Keep it simple
Too many elements on a website page can slow down its loading time. Worse yet, a blank, white space will show up in place of where that web page is supposed to be.
Keeping your page simple can also help people on mobile devices view your content faster and more easily. Mobile traffic increased to almost 60% in 2022 and is expected to continue rising. Additionally, the next phase of internet speed for mobile devices revolves around the new optical fiber data transmission just announced by many internet service providers.
You can avoid user experience (UX) frustration if you format your graphics for fast loading.

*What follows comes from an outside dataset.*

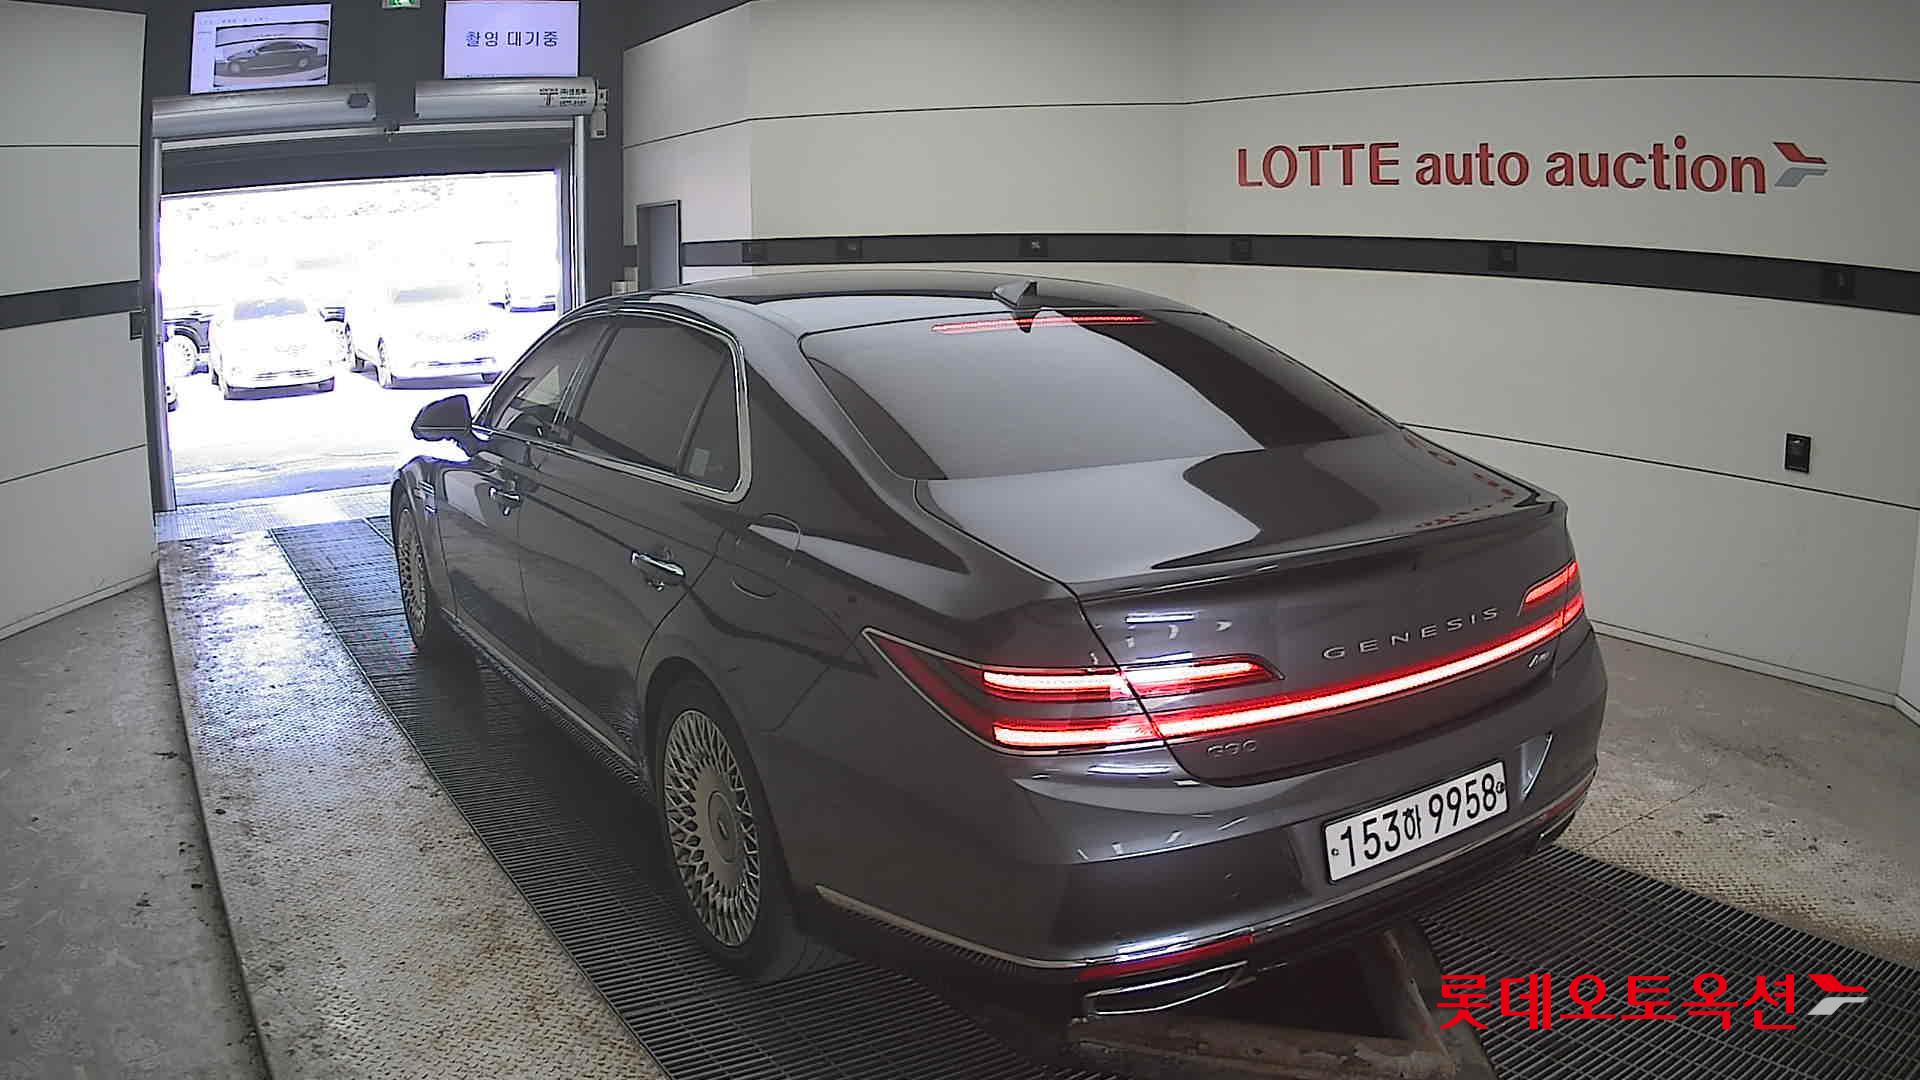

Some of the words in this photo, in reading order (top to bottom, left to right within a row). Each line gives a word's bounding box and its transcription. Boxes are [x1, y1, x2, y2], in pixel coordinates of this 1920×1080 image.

You can also use as few text decorations as possible to prevent slow-loading pages.
Website design consistency refers to keeping your navigation bar, menu items, backgrounds, headers, and images the same on all your pages.
This doesn’t mean every pixel has to look the same though. For example, you don’t need to add a large web form to every other page of your site – just on your “contact us” page.

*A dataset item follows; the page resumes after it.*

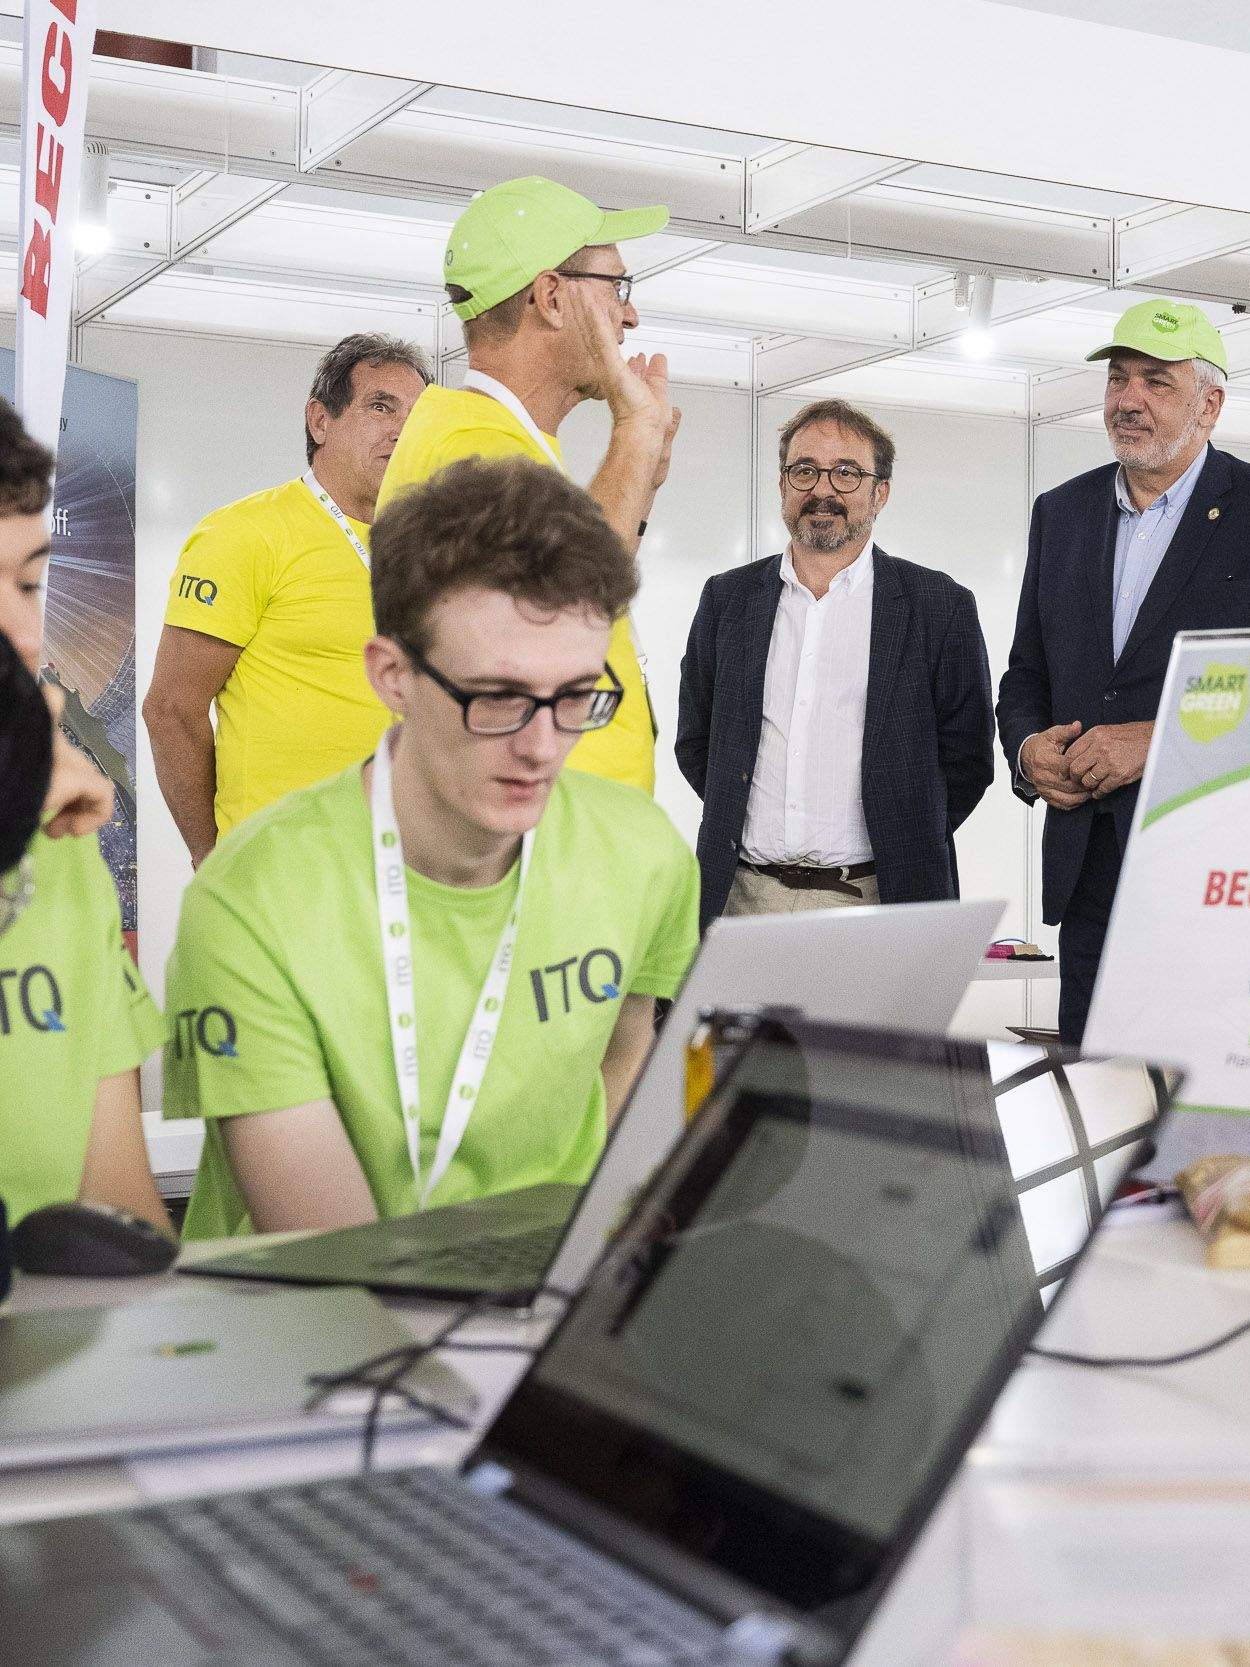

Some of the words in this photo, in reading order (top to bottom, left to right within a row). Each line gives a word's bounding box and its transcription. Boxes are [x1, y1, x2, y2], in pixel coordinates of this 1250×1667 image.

You also won’t need a large header photo (also known as a master header or masthead) on every page. You can use it on your home page only. You can have different header images on different pages as long as they match your branding.
However, the link colors, header backgrounds, menus, and page or post backgrounds should stay the same. It’s also best not to use more than one or two heading fonts. All the paragraph fonts on your main page should be the same.
Stay on brand
Staying on brand means ensuring your content, whether graphics or text, reflects your business.

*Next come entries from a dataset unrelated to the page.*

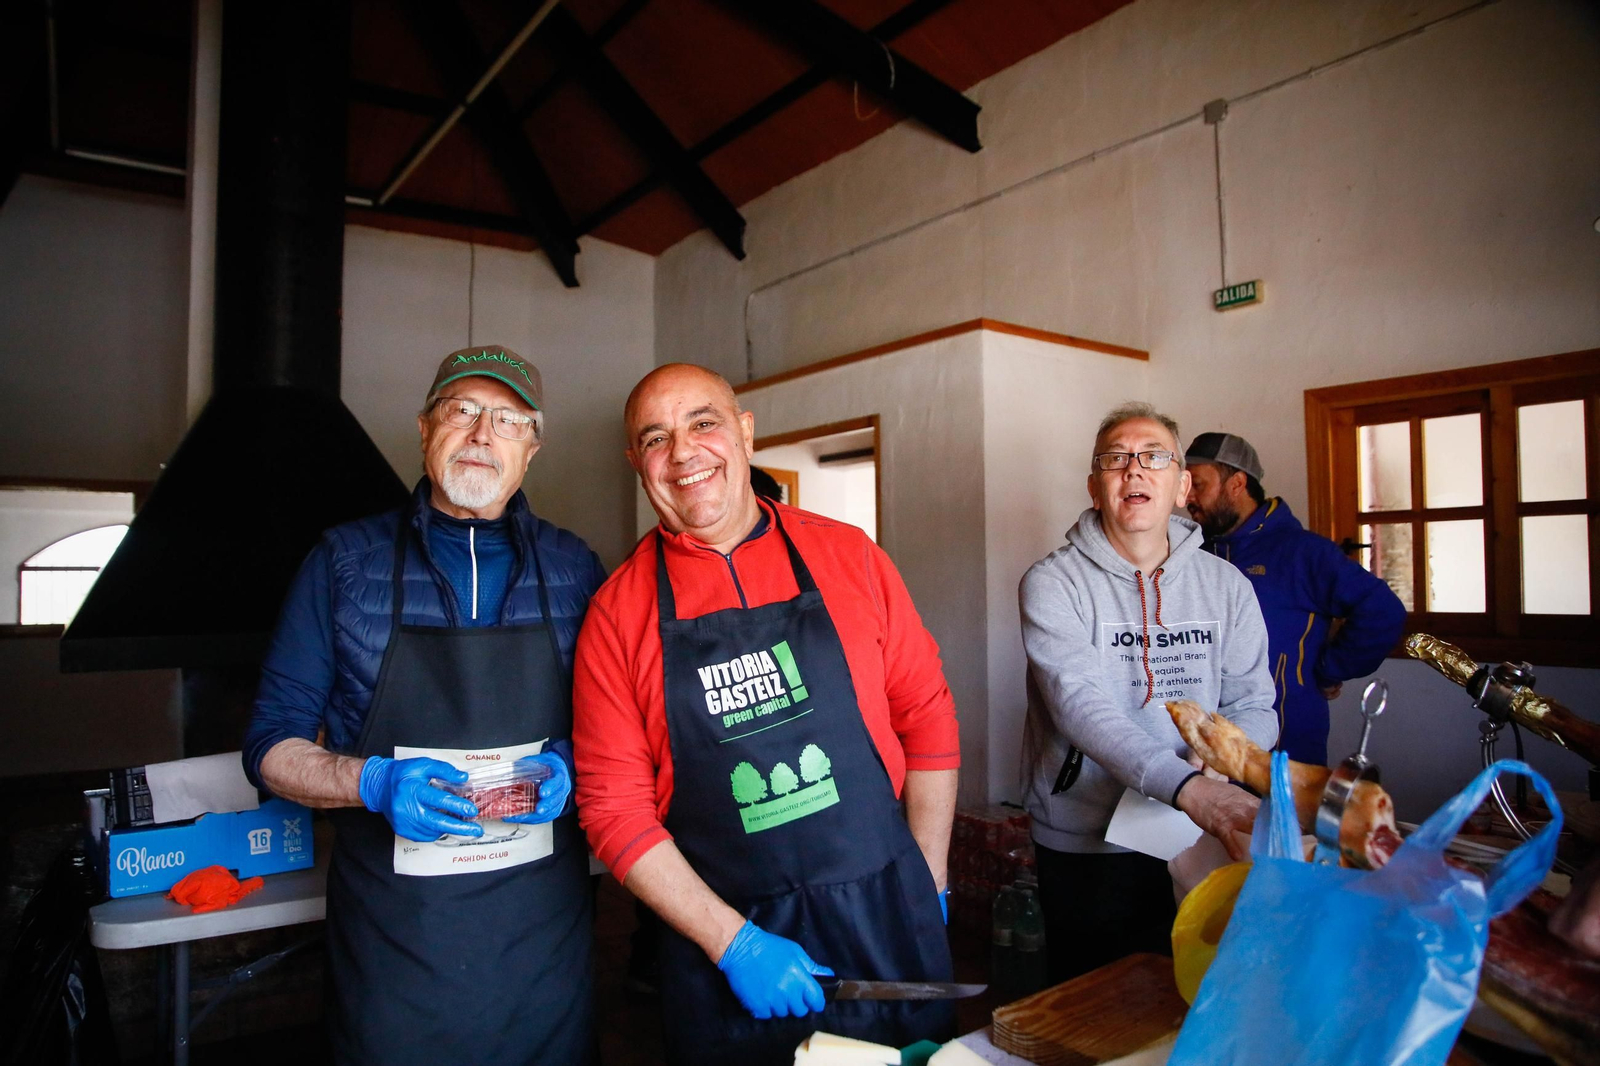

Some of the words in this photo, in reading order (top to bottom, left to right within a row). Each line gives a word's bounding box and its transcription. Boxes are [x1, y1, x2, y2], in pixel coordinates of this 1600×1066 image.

[1215, 283, 1254, 304] SALIDA
[1156, 630, 1213, 648] SMITH
[697, 650, 778, 691] VITORIA
[1155, 666, 1185, 676] equips
[1131, 679, 1142, 687] all
[1156, 679, 1164, 687] of
[1166, 677, 1202, 687] athletes
[705, 672, 786, 715] GASTEIZ
[1165, 690, 1186, 698] 1970.
[723, 708, 755, 728] green
[755, 694, 791, 717] capital
[252, 831, 268, 847] 16
[116, 847, 185, 877] Blanco
[452, 855, 487, 864] FASHION
[488, 850, 509, 860] CLUB

For example, you don’t want to keep changing your logo colors every few months. Once you have decided on your visual branding, stick with it. Otherwise, you could confuse website visitors unless you announce that you’re updating your branding.
Brand consistency also means that your message aligns with the image you portray to the public. This means you must watch what you say wherever you display your brand, including your website, blog, and social media pages.
Ensure mobile responsiveness
Make sure your website responds to the device that your users are on. If it doesn’t, make it responsive as soon as possible. This means that your website will conform to any device screen a person is using. As a result, your audience can say goodbye to pinching in order to enlarge the content.
One way to make your site responsive includes some CSS code tweaking. Before working on your website's code, ensure you understand the different resolutions you should aim for.
When you create a website with Mailchimp, it's sure to look good on several devices and browsers. The best thing is that you don’t need coding experience to get started.
Test different designs
Not testing your site live before inviting people to view and use it is like having a concert before a dress rehearsal. Testing different designs will ensure that your site has the best UX it can possibly have.
However, don’t just test your designs within your IT and creative crowd. Invite beta users to try out your website for the first time. In fact, asking them for feedback can provide valuable insight into the mechanics of your website. You may even discover issues you and your team missed.
Verify it’s crawlable
Making sure a website is crawlable means that search engines found it and indexed it. When this happens, the content on it is automatically ranked on search engine results pages (SERP.)
This typically happens when you use organic keywords in your content that'll catalog your site. You also can increase your indexability if you run pay-per-click (PPC) ads. However, organic search engine optimization (SEO) usually feels more natural because you’re not paying to make your website popular.